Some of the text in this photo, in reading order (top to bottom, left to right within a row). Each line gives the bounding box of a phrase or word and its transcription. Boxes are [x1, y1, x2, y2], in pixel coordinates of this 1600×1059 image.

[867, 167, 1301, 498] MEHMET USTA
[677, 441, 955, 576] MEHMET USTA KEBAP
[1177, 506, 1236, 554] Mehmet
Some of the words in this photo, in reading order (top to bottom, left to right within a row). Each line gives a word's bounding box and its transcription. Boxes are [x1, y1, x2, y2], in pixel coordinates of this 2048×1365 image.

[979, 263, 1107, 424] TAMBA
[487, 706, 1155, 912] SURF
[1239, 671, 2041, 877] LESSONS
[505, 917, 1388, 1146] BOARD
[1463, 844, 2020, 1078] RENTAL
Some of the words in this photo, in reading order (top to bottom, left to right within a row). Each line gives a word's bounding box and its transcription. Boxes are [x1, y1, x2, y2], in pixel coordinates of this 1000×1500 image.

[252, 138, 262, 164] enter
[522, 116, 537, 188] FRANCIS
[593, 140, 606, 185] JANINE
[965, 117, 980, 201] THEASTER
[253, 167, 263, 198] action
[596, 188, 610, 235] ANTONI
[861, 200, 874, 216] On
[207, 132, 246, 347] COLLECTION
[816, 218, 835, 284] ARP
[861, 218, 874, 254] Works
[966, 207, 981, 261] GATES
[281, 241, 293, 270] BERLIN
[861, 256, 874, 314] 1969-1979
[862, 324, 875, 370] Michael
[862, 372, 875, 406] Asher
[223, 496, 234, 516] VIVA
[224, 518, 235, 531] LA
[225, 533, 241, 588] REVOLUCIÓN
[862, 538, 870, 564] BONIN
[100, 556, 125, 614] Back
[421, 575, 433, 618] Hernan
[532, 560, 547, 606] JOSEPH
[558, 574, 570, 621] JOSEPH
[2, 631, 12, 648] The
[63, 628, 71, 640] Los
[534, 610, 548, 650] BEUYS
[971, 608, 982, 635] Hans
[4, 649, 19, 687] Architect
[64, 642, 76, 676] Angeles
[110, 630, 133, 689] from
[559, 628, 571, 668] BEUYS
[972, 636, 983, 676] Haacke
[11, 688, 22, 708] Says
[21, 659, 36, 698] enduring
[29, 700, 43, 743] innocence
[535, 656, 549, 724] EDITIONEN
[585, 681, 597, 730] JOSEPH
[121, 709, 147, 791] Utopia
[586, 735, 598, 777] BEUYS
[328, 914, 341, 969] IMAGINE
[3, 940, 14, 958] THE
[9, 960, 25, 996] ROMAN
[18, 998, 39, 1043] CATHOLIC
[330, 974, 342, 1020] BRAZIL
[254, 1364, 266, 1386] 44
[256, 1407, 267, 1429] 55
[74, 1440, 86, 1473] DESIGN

------------

_Directions for this task_
Starting at the line that holds "this 1000×1500 image.", retype each line exactly through the end of the entries, both ends included.

_Output below_
Some of the words in this photo, in reading order (top to bottom, left to right within a row). Each line gives a word's bounding box and its transcription. Boxes are [x1, y1, x2, y2], in pixel coordinates of this 1000×1500 image.

[252, 138, 262, 164] enter
[522, 116, 537, 188] FRANCIS
[593, 140, 606, 185] JANINE
[965, 117, 980, 201] THEASTER
[253, 167, 263, 198] action
[596, 188, 610, 235] ANTONI
[861, 200, 874, 216] On
[207, 132, 246, 347] COLLECTION
[816, 218, 835, 284] ARP
[861, 218, 874, 254] Works
[966, 207, 981, 261] GATES
[281, 241, 293, 270] BERLIN
[861, 256, 874, 314] 1969-1979
[862, 324, 875, 370] Michael
[862, 372, 875, 406] Asher
[223, 496, 234, 516] VIVA
[224, 518, 235, 531] LA
[225, 533, 241, 588] REVOLUCIÓN
[862, 538, 870, 564] BONIN
[100, 556, 125, 614] Back
[421, 575, 433, 618] Hernan
[532, 560, 547, 606] JOSEPH
[558, 574, 570, 621] JOSEPH
[2, 631, 12, 648] The
[63, 628, 71, 640] Los
[534, 610, 548, 650] BEUYS
[971, 608, 982, 635] Hans
[4, 649, 19, 687] Architect
[64, 642, 76, 676] Angeles
[110, 630, 133, 689] from
[559, 628, 571, 668] BEUYS
[972, 636, 983, 676] Haacke
[11, 688, 22, 708] Says
[21, 659, 36, 698] enduring
[29, 700, 43, 743] innocence
[535, 656, 549, 724] EDITIONEN
[585, 681, 597, 730] JOSEPH
[121, 709, 147, 791] Utopia
[586, 735, 598, 777] BEUYS
[328, 914, 341, 969] IMAGINE
[3, 940, 14, 958] THE
[9, 960, 25, 996] ROMAN
[18, 998, 39, 1043] CATHOLIC
[330, 974, 342, 1020] BRAZIL
[254, 1364, 266, 1386] 44
[256, 1407, 267, 1429] 55
[74, 1440, 86, 1473] DESIGN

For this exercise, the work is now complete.